Your assignment
Print the records below exactly as they appear. Omit all pictures.

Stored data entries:
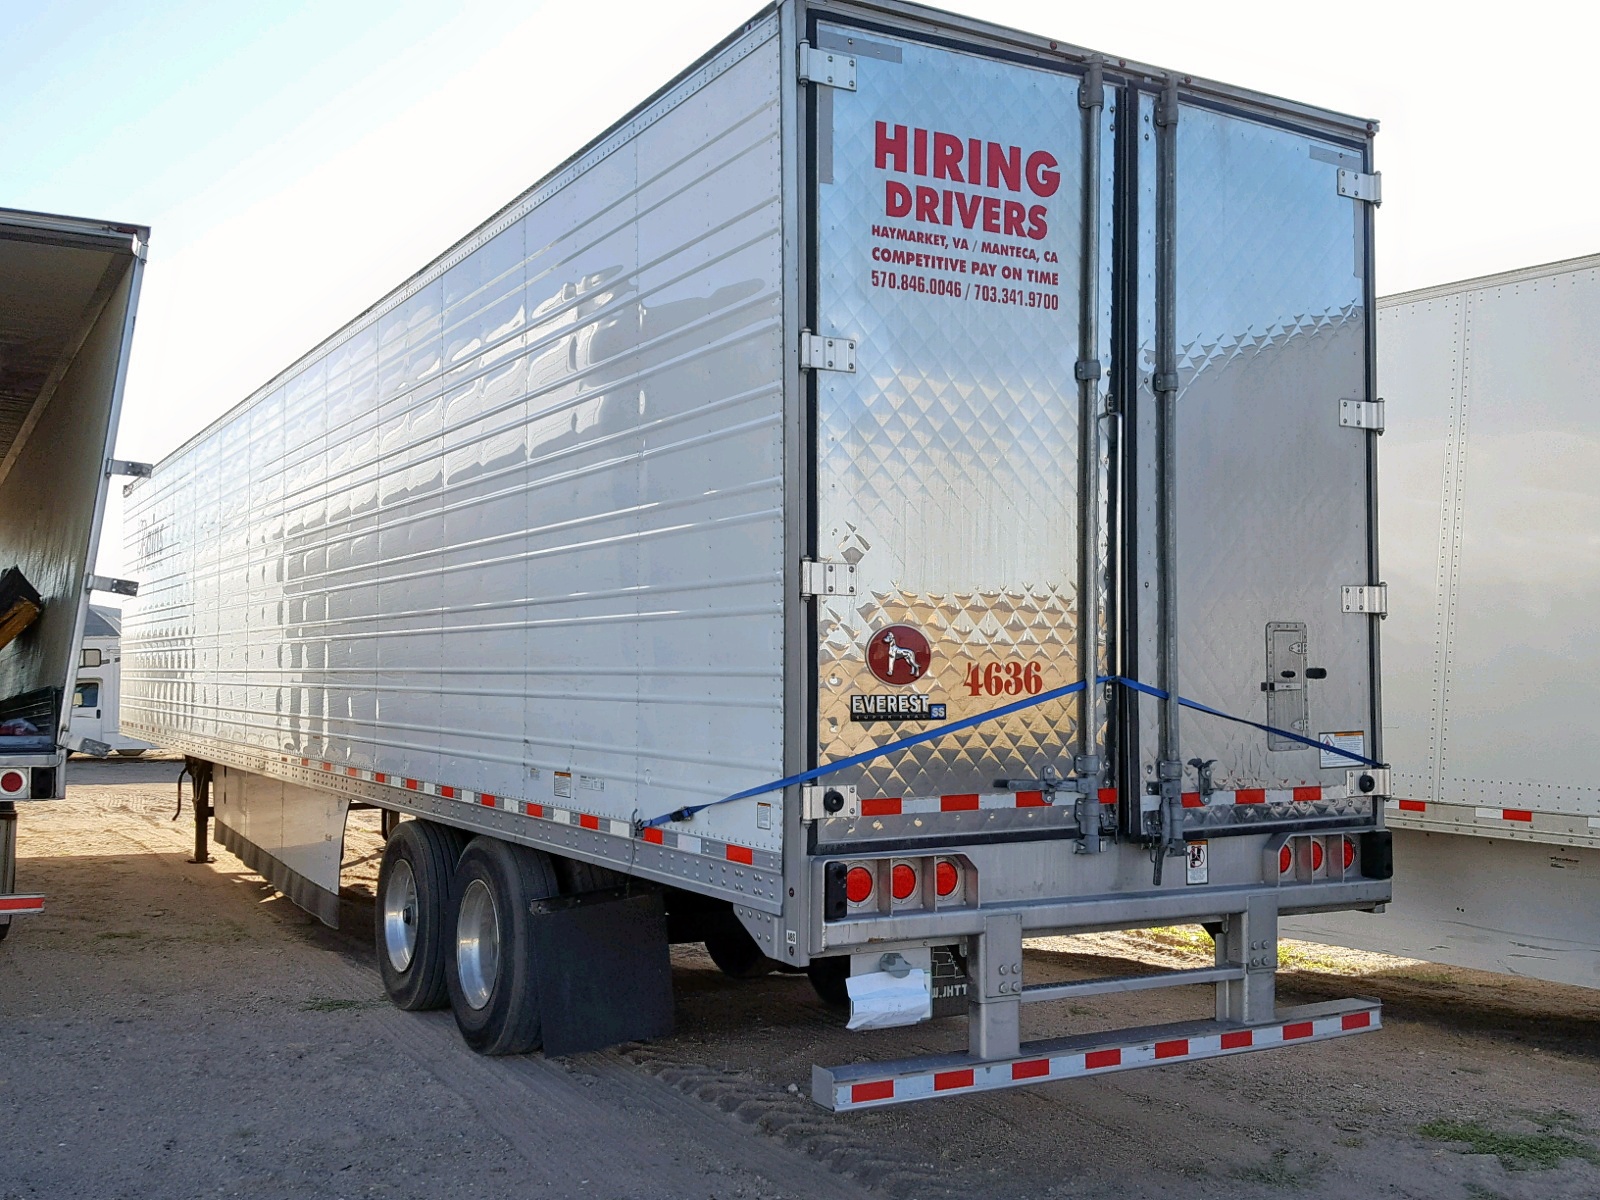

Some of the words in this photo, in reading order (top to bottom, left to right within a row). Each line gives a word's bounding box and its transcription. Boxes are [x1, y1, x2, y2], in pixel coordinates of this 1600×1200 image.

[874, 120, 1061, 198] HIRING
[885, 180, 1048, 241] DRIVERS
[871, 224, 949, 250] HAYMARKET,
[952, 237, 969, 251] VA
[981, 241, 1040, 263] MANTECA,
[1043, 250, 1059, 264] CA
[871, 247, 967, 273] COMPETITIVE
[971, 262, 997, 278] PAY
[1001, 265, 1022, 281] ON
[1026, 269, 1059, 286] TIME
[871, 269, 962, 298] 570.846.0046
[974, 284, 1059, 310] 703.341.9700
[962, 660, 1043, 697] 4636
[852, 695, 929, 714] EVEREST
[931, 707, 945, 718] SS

Solution for this task
Some of the words in this photo, in reading order (top to bottom, left to right within a row). Each line gives a word's bounding box and its transcription. Boxes are [x1, y1, x2, y2], in pixel coordinates of this 1600×1200 image.

[874, 120, 1061, 198] HIRING
[885, 180, 1048, 241] DRIVERS
[871, 224, 949, 250] HAYMARKET,
[952, 237, 969, 251] VA
[981, 241, 1040, 263] MANTECA,
[1043, 250, 1059, 264] CA
[871, 247, 967, 273] COMPETITIVE
[971, 262, 997, 278] PAY
[1001, 265, 1022, 281] ON
[1026, 269, 1059, 286] TIME
[871, 269, 962, 298] 570.846.0046
[974, 284, 1059, 310] 703.341.9700
[962, 660, 1043, 697] 4636
[852, 695, 929, 714] EVEREST
[931, 707, 945, 718] SS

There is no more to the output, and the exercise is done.